No, we were sure he never had told us; and Sam as usual, began clearing the ground by a thorough introduction, with statistical expositions.

“Wal, ye see, Mis’ Elderkin she lives now over to Sherburne in about the handsomest house in Sherburne, – a high white house, with green blinds and white pillars in front, – and she rides out in her own kerridge; and Mr. Elderkin, he’s a deakin in the church, and a colonel in the malitia, and a s’lectman, and pretty much atop every thing there is goin’ in Sherburne, and it all come of that ‘are pitcher.”

“What pitcher?” we shouted in chorus.

“Lordy massy! that ‘are’s jest what I’m a goin’ to tell you about; but, ye see, a feller’s jest got to make a beginnin’ to all things.

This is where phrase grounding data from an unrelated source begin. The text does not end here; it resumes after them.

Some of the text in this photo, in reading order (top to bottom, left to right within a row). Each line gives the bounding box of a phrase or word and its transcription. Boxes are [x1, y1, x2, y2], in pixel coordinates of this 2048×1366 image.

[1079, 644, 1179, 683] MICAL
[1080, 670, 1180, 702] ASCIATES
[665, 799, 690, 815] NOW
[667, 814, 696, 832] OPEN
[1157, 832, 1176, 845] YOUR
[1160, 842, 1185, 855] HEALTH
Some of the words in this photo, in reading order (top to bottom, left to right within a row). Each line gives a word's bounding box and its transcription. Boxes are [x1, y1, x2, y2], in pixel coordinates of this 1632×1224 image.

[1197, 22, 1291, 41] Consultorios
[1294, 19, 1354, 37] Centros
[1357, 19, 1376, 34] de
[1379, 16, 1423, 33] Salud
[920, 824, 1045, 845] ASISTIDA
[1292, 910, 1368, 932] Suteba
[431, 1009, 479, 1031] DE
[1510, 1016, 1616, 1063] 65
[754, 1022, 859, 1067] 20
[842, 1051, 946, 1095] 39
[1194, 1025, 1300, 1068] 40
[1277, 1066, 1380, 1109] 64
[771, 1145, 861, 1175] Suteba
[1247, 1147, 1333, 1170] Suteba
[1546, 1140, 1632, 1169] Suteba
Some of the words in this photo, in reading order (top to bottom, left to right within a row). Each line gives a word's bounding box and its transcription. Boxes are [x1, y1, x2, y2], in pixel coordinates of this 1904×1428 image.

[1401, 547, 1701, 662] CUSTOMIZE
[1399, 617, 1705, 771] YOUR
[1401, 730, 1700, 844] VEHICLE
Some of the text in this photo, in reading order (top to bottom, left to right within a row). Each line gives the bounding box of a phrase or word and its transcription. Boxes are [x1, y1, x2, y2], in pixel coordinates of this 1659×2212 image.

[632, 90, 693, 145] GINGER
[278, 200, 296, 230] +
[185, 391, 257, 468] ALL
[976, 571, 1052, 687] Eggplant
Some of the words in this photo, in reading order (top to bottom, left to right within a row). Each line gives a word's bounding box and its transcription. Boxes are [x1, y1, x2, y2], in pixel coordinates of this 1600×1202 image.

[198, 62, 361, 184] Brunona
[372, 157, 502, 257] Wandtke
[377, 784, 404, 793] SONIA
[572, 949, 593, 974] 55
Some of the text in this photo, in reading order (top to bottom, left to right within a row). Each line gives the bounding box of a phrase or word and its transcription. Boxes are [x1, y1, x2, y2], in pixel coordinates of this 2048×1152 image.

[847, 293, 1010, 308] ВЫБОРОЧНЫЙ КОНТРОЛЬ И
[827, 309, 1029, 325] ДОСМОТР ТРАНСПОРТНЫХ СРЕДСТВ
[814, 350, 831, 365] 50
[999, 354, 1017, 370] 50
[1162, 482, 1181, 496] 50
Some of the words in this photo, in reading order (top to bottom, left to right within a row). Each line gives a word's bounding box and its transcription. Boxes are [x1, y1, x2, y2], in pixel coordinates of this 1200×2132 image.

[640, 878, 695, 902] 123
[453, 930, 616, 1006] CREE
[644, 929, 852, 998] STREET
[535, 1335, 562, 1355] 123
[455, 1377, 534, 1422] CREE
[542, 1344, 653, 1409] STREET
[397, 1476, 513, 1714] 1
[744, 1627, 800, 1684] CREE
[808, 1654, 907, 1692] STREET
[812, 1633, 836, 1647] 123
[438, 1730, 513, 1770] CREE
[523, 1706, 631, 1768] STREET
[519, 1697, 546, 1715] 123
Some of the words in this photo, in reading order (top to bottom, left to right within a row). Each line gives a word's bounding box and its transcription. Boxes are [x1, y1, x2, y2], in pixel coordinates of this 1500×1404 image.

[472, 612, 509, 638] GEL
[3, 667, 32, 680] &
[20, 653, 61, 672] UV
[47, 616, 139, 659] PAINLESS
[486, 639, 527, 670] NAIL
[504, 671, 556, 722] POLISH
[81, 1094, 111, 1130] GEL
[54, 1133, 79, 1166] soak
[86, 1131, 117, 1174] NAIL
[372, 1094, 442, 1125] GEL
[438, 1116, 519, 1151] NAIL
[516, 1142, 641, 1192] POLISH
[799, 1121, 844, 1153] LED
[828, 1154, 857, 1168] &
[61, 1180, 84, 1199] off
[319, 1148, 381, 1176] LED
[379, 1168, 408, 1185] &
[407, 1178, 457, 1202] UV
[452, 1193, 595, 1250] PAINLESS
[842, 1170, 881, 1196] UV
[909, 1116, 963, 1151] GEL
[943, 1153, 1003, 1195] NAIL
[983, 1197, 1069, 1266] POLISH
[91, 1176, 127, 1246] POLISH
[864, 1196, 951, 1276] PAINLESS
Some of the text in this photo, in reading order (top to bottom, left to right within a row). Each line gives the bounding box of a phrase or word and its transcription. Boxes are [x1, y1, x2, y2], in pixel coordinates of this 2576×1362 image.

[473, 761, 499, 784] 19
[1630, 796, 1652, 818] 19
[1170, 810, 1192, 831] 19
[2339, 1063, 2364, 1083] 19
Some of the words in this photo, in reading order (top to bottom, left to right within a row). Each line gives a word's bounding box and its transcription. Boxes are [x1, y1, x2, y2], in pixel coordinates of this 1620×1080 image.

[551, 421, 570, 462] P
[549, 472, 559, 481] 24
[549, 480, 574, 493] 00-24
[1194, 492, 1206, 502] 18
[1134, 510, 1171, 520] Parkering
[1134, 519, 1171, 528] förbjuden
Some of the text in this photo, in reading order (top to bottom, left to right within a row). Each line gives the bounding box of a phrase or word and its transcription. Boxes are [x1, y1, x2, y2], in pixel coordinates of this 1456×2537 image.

“Mis’ Elderkin she thinks she’s a gret lady nowadays, I s’pose; but I ‘member when she was Miry Brown over here’n Oldtown, and I used to be waitin’ on her to singing-school.

“Miry and I was putty good friends along in them days, – we was putty consid’able kind o’ intimate. Fact is, boys, there was times in them days when I thought whether or no I wouldn’t take Miry myself,” said Sam, his face growing luminous with the pleasing idea of his former masculine attractions and privileges. “Yis,” he continued, “there was a time when folks said I could a hed Miry ef I’d asked her; and I putty much think so myself, but I didn’t say nothin’: marriage is allers kind o’ventursome; an’ Miry had such up-and-down kind o’ ways, I was sort o’ fraid on’t.

“But Lordy massy! boys, you mustn’t never tell Hepsy I said so, ‘cause she’d be mad enough to bite a shingle-nail in two. Not that she sets so very gret by me neither; but then women’s backs is allers up ef they think anybody else could a hed you, whether they want you themselves or not.

“Ye see, Miry she was old Black Hoss John Brown’s da’ter, and lived up there in that ‘are big brown house by the meetin’-house, that ‘hes the red hollyhock in the front yard. Miry was about the handsomest gal that went into the singers’ seat a Sunday.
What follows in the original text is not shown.